▸ What you will do:
Your reply should contain only the line with "Some of the text" and the lines after it through the end of the data, each written out exactly.
═══ Records for the task
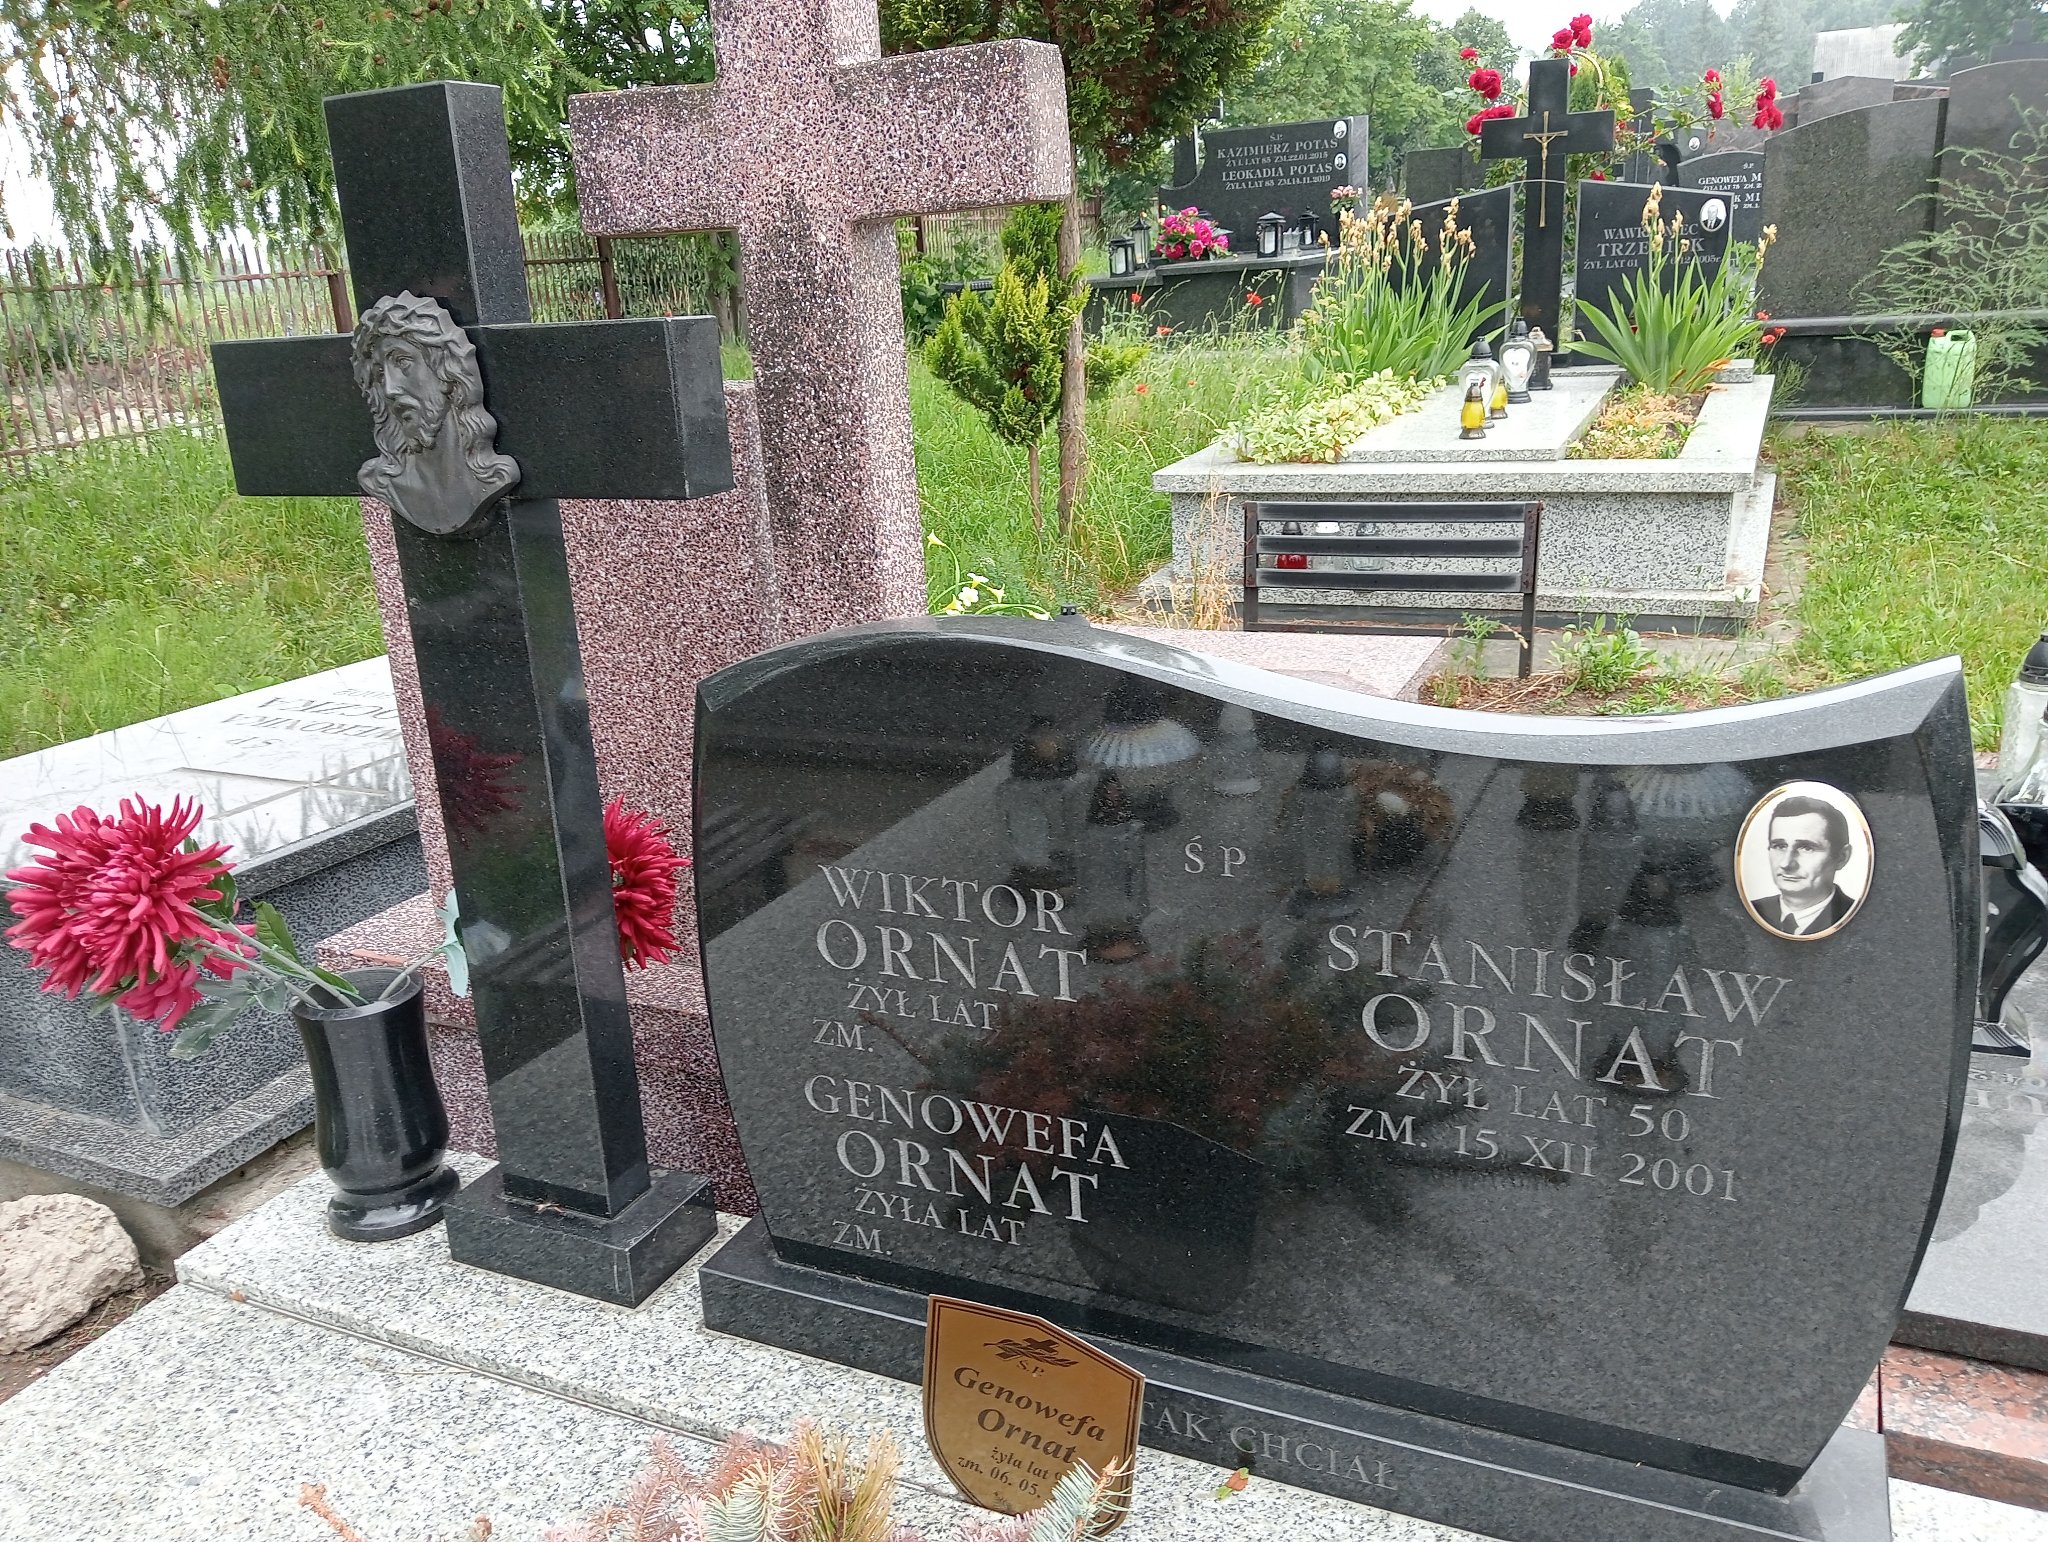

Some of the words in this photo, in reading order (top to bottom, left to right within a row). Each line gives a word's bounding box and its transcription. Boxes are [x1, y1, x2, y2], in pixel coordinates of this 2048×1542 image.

[1217, 142, 1290, 159] KAZIMIERZ
[1295, 138, 1338, 152] POTAS
[1222, 166, 1284, 181] LEOKADIA
[1290, 162, 1333, 176] POTAS
[1245, 157, 1260, 167] LAT
[1248, 180, 1264, 188] LAT
[1698, 174, 1748, 185] GENOWEFA
[1583, 259, 1602, 270] ŻYŁ
[1606, 259, 1625, 269] LAT
[1596, 237, 1705, 257] TRZEIK
[818, 864, 1072, 936] WIKTOR
[816, 919, 1087, 1003] ORNAT
[1327, 925, 1793, 1027] STANISŁAW
[847, 977, 916, 1018] ŻYŁ
[930, 994, 998, 1030] LAT
[812, 1017, 874, 1053] ZM.
[1362, 993, 1744, 1100] ORNAT
[804, 1074, 1130, 1170] GENOWEFA
[1395, 1061, 1490, 1110] ŻYŁ
[1510, 1084, 1607, 1128] LAT
[1628, 1104, 1690, 1142] 50
[836, 1130, 1098, 1224] ORNAT
[1345, 1104, 1428, 1148] ZM.
[1454, 1124, 1499, 1160] 15
[1520, 1134, 1598, 1178] XII
[1619, 1153, 1738, 1202] 2001
[832, 1220, 893, 1256] ZM.
[854, 1182, 943, 1230] ŻYŁA
[958, 1207, 1025, 1246] LAT
[953, 1366, 1105, 1443] Genowefa
[977, 1407, 1080, 1464] Ornat
[990, 1446, 1022, 1470] żyła
[1027, 1461, 1049, 1480] lat
[1229, 1425, 1397, 1491] CHCIAŁ
[957, 1456, 983, 1474] zm.
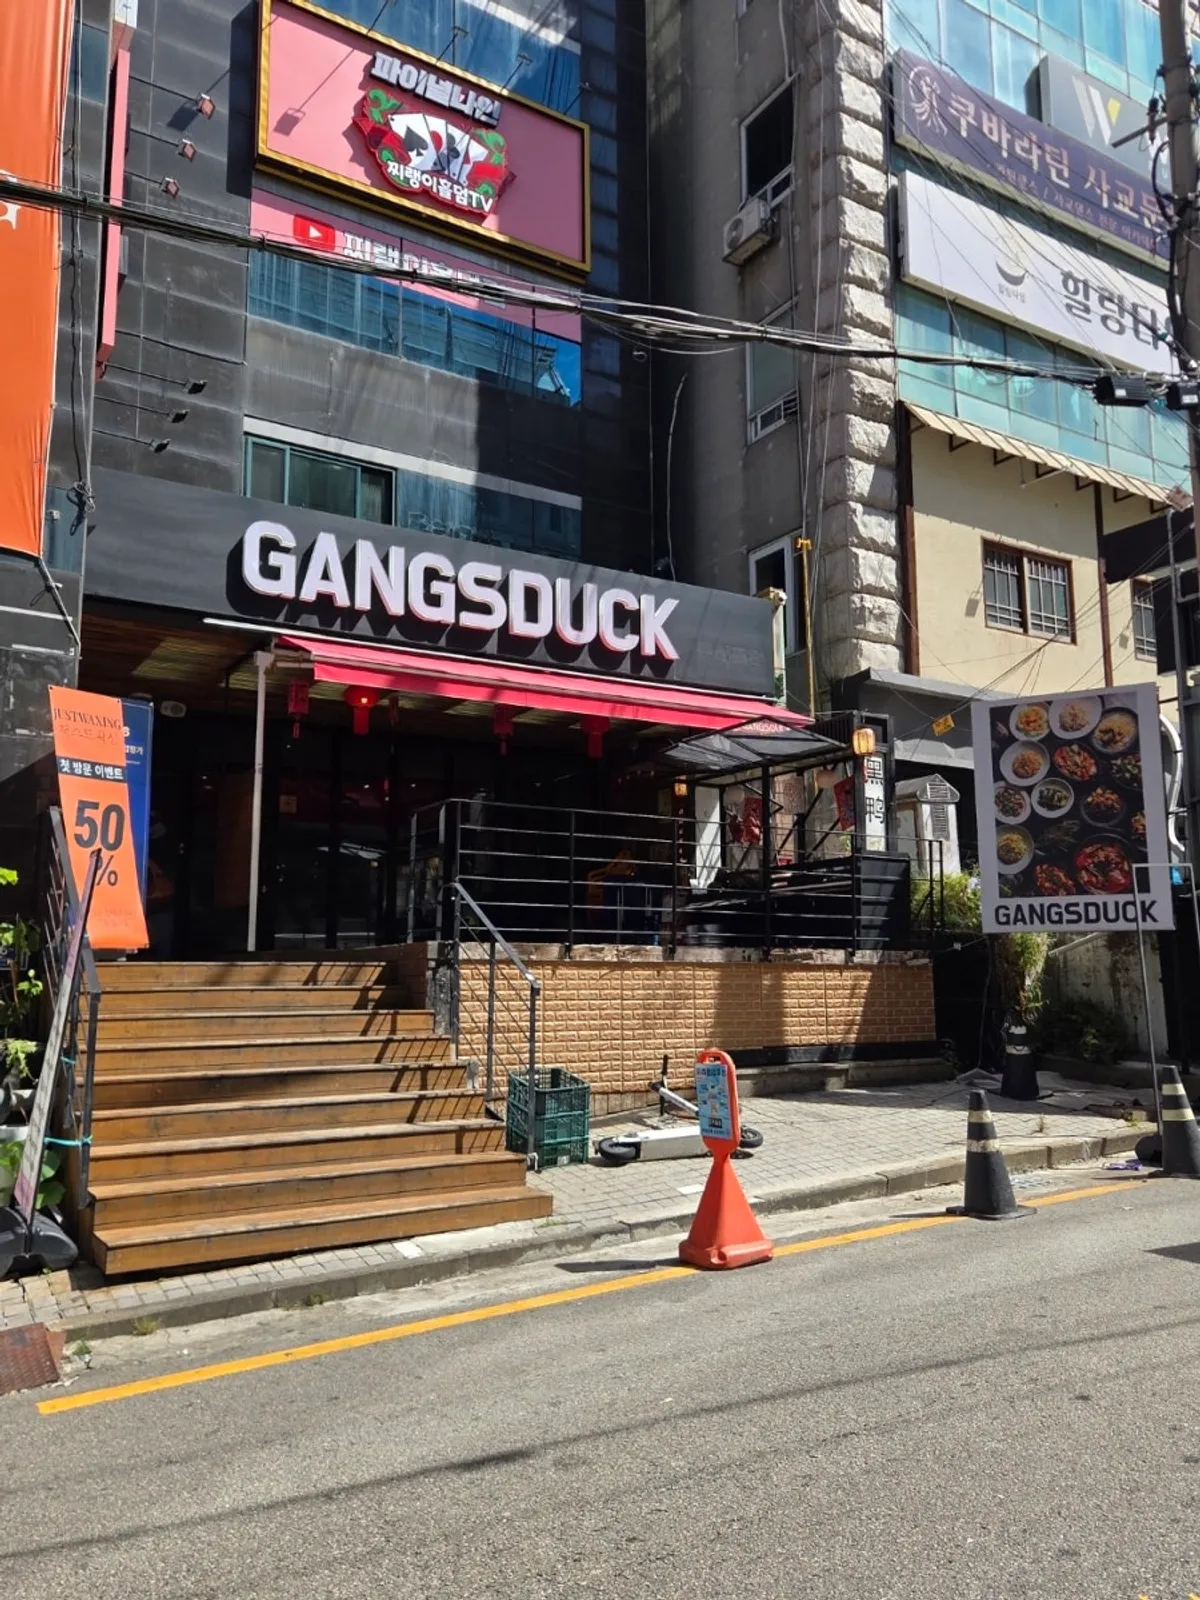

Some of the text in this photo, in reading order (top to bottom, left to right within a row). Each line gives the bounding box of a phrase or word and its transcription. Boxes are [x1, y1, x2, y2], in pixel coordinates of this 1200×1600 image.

[946, 92, 1070, 189] 쿠바라틴
[242, 520, 680, 660] GANGSDUCK
[60, 758, 124, 780] 첫 방문 이벤트
[74, 800, 125, 850] 50
[994, 901, 1159, 926] GANGSDUCK
══════
▸ Answer to this problem:
Some of the text in this photo, in reading order (top to bottom, left to right within a row). Each line gives the bounding box of a phrase or word and its transcription. Boxes are [x1, y1, x2, y2], in pixel coordinates of this 1200×1600 image.

[946, 92, 1070, 189] 쿠바라틴
[242, 520, 680, 660] GANGSDUCK
[60, 758, 124, 780] 첫 방문 이벤트
[74, 800, 125, 850] 50
[994, 901, 1159, 926] GANGSDUCK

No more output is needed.